__Your objective__.
Everything in the listing beneath must be transcribed exactly.

__Data records__.
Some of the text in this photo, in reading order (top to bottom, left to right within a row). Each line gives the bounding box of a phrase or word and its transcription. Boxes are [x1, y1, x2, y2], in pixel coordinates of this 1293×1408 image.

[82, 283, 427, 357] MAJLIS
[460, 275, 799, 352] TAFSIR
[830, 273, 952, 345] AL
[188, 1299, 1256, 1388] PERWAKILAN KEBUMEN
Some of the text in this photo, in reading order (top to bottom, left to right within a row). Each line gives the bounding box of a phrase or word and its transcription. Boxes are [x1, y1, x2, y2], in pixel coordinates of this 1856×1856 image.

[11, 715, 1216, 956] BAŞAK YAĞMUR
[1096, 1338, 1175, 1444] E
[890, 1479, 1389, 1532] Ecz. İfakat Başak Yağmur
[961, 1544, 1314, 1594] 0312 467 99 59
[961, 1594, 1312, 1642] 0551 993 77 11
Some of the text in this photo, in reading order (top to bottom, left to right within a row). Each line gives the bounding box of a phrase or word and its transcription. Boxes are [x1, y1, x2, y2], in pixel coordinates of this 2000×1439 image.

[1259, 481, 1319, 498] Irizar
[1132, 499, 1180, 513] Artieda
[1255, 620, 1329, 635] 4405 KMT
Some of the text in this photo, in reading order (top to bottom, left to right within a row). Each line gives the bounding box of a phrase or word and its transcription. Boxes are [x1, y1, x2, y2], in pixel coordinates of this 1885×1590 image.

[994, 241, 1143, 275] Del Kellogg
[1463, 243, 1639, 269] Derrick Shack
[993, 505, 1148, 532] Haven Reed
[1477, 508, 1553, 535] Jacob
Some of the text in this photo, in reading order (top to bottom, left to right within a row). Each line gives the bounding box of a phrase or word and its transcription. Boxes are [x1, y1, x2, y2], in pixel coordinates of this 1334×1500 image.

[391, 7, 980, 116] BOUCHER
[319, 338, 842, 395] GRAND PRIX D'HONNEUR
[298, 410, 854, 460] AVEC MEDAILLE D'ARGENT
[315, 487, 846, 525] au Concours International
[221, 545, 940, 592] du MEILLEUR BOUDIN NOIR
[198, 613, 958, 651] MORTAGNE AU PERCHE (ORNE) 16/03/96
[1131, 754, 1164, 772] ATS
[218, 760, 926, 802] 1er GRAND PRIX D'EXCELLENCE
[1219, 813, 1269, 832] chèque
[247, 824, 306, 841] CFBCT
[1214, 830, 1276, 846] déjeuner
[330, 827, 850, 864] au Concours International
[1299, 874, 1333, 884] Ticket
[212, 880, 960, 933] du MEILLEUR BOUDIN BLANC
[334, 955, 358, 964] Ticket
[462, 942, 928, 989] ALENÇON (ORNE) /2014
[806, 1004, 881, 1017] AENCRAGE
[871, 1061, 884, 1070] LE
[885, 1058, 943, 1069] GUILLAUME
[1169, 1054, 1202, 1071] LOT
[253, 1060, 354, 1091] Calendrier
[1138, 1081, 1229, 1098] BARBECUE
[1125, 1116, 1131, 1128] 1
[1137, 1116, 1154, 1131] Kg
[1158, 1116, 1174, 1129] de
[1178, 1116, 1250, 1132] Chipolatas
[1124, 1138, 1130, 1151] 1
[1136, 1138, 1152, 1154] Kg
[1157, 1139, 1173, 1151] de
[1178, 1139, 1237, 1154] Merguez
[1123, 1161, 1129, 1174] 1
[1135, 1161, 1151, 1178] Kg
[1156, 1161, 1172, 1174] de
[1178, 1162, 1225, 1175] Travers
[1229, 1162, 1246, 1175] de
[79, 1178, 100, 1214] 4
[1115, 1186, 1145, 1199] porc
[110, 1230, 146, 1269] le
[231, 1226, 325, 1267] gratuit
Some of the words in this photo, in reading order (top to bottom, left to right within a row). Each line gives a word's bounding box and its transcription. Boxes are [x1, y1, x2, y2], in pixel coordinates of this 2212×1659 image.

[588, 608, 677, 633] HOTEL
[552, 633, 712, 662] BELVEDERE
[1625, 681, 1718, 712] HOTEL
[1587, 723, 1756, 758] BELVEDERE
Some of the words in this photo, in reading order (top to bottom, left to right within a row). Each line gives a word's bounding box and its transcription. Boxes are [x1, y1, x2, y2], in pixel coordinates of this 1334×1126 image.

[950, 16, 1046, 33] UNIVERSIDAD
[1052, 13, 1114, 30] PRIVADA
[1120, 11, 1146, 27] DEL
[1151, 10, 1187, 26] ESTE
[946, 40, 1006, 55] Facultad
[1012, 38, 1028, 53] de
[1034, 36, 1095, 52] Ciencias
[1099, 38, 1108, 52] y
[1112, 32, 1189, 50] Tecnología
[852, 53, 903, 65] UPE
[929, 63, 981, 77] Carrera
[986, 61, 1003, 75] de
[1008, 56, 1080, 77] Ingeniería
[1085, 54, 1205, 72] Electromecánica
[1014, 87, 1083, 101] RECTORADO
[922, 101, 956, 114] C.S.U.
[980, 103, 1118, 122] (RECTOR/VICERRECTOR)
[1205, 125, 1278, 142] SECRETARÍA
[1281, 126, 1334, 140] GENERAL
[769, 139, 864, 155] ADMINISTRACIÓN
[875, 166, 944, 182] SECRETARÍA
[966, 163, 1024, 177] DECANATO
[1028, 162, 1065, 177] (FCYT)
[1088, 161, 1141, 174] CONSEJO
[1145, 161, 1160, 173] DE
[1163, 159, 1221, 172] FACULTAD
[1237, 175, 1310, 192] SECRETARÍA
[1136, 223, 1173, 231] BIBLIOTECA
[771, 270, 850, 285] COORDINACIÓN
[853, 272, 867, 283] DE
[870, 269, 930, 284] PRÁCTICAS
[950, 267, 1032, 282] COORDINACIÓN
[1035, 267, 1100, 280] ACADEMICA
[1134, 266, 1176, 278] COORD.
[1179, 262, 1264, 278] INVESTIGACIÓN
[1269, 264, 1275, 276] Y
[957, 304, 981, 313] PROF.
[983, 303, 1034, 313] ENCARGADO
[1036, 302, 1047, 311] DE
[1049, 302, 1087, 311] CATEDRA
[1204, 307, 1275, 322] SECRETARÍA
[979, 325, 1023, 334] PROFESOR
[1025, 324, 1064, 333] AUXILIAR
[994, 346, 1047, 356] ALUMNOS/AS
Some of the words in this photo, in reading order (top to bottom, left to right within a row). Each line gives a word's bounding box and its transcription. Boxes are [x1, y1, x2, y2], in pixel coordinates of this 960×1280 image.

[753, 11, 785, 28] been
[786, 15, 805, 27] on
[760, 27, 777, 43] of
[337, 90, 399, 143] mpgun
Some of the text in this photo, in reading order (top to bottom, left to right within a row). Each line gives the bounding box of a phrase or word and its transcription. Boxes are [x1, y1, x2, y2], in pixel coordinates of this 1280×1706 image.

__Answer section__.
Some of the text in this photo, in reading order (top to bottom, left to right within a row). Each line gives the bounding box of a phrase or word and its transcription. Boxes are [x1, y1, x2, y2], in pixel coordinates of this 1293×1408 image.

[82, 283, 427, 357] MAJLIS
[460, 275, 799, 352] TAFSIR
[830, 273, 952, 345] AL
[188, 1299, 1256, 1388] PERWAKILAN KEBUMEN
Some of the text in this photo, in reading order (top to bottom, left to right within a row). Each line gives the bounding box of a phrase or word and its transcription. Boxes are [x1, y1, x2, y2], in pixel coordinates of this 1856×1856 image.

[11, 715, 1216, 956] BAŞAK YAĞMUR
[1096, 1338, 1175, 1444] E
[890, 1479, 1389, 1532] Ecz. İfakat Başak Yağmur
[961, 1544, 1314, 1594] 0312 467 99 59
[961, 1594, 1312, 1642] 0551 993 77 11
Some of the text in this photo, in reading order (top to bottom, left to right within a row). Each line gives the bounding box of a phrase or word and its transcription. Boxes are [x1, y1, x2, y2], in pixel coordinates of this 2000×1439 image.

[1259, 481, 1319, 498] Irizar
[1132, 499, 1180, 513] Artieda
[1255, 620, 1329, 635] 4405 KMT
Some of the text in this photo, in reading order (top to bottom, left to right within a row). Each line gives the bounding box of a phrase or word and its transcription. Boxes are [x1, y1, x2, y2], in pixel coordinates of this 1885×1590 image.

[994, 241, 1143, 275] Del Kellogg
[1463, 243, 1639, 269] Derrick Shack
[993, 505, 1148, 532] Haven Reed
[1477, 508, 1553, 535] Jacob
Some of the text in this photo, in reading order (top to bottom, left to right within a row). Each line gives the bounding box of a phrase or word and its transcription. Boxes are [x1, y1, x2, y2], in pixel coordinates of this 1334×1500 image.

[391, 7, 980, 116] BOUCHER
[319, 338, 842, 395] GRAND PRIX D'HONNEUR
[298, 410, 854, 460] AVEC MEDAILLE D'ARGENT
[315, 487, 846, 525] au Concours International
[221, 545, 940, 592] du MEILLEUR BOUDIN NOIR
[198, 613, 958, 651] MORTAGNE AU PERCHE (ORNE) 16/03/96
[1131, 754, 1164, 772] ATS
[218, 760, 926, 802] 1er GRAND PRIX D'EXCELLENCE
[1219, 813, 1269, 832] chèque
[247, 824, 306, 841] CFBCT
[1214, 830, 1276, 846] déjeuner
[330, 827, 850, 864] au Concours International
[1299, 874, 1333, 884] Ticket
[212, 880, 960, 933] du MEILLEUR BOUDIN BLANC
[334, 955, 358, 964] Ticket
[462, 942, 928, 989] ALENÇON (ORNE) /2014
[806, 1004, 881, 1017] AENCRAGE
[871, 1061, 884, 1070] LE
[885, 1058, 943, 1069] GUILLAUME
[1169, 1054, 1202, 1071] LOT
[253, 1060, 354, 1091] Calendrier
[1138, 1081, 1229, 1098] BARBECUE
[1125, 1116, 1131, 1128] 1
[1137, 1116, 1154, 1131] Kg
[1158, 1116, 1174, 1129] de
[1178, 1116, 1250, 1132] Chipolatas
[1124, 1138, 1130, 1151] 1
[1136, 1138, 1152, 1154] Kg
[1157, 1139, 1173, 1151] de
[1178, 1139, 1237, 1154] Merguez
[1123, 1161, 1129, 1174] 1
[1135, 1161, 1151, 1178] Kg
[1156, 1161, 1172, 1174] de
[1178, 1162, 1225, 1175] Travers
[1229, 1162, 1246, 1175] de
[79, 1178, 100, 1214] 4
[1115, 1186, 1145, 1199] porc
[110, 1230, 146, 1269] le
[231, 1226, 325, 1267] gratuit
Some of the words in this photo, in reading order (top to bottom, left to right within a row). Each line gives a word's bounding box and its transcription. Boxes are [x1, y1, x2, y2], in pixel coordinates of this 2212×1659 image.

[588, 608, 677, 633] HOTEL
[552, 633, 712, 662] BELVEDERE
[1625, 681, 1718, 712] HOTEL
[1587, 723, 1756, 758] BELVEDERE
Some of the words in this photo, in reading order (top to bottom, left to right within a row). Each line gives a word's bounding box and its transcription. Boxes are [x1, y1, x2, y2], in pixel coordinates of this 1334×1126 image.

[950, 16, 1046, 33] UNIVERSIDAD
[1052, 13, 1114, 30] PRIVADA
[1120, 11, 1146, 27] DEL
[1151, 10, 1187, 26] ESTE
[946, 40, 1006, 55] Facultad
[1012, 38, 1028, 53] de
[1034, 36, 1095, 52] Ciencias
[1099, 38, 1108, 52] y
[1112, 32, 1189, 50] Tecnología
[852, 53, 903, 65] UPE
[929, 63, 981, 77] Carrera
[986, 61, 1003, 75] de
[1008, 56, 1080, 77] Ingeniería
[1085, 54, 1205, 72] Electromecánica
[1014, 87, 1083, 101] RECTORADO
[922, 101, 956, 114] C.S.U.
[980, 103, 1118, 122] (RECTOR/VICERRECTOR)
[1205, 125, 1278, 142] SECRETARÍA
[1281, 126, 1334, 140] GENERAL
[769, 139, 864, 155] ADMINISTRACIÓN
[875, 166, 944, 182] SECRETARÍA
[966, 163, 1024, 177] DECANATO
[1028, 162, 1065, 177] (FCYT)
[1088, 161, 1141, 174] CONSEJO
[1145, 161, 1160, 173] DE
[1163, 159, 1221, 172] FACULTAD
[1237, 175, 1310, 192] SECRETARÍA
[1136, 223, 1173, 231] BIBLIOTECA
[771, 270, 850, 285] COORDINACIÓN
[853, 272, 867, 283] DE
[870, 269, 930, 284] PRÁCTICAS
[950, 267, 1032, 282] COORDINACIÓN
[1035, 267, 1100, 280] ACADEMICA
[1134, 266, 1176, 278] COORD.
[1179, 262, 1264, 278] INVESTIGACIÓN
[1269, 264, 1275, 276] Y
[957, 304, 981, 313] PROF.
[983, 303, 1034, 313] ENCARGADO
[1036, 302, 1047, 311] DE
[1049, 302, 1087, 311] CATEDRA
[1204, 307, 1275, 322] SECRETARÍA
[979, 325, 1023, 334] PROFESOR
[1025, 324, 1064, 333] AUXILIAR
[994, 346, 1047, 356] ALUMNOS/AS
Some of the words in this photo, in reading order (top to bottom, left to right within a row). Each line gives a word's bounding box and its transcription. Boxes are [x1, y1, x2, y2], in pixel coordinates of this 960×1280 image.

[753, 11, 785, 28] been
[786, 15, 805, 27] on
[760, 27, 777, 43] of
[337, 90, 399, 143] mpgun
Some of the text in this photo, in reading order (top to bottom, left to right within a row). Each line gives the bounding box of a phrase or word and its transcription. Boxes are [x1, y1, x2, y2], in pixel coordinates of this 1280×1706 image.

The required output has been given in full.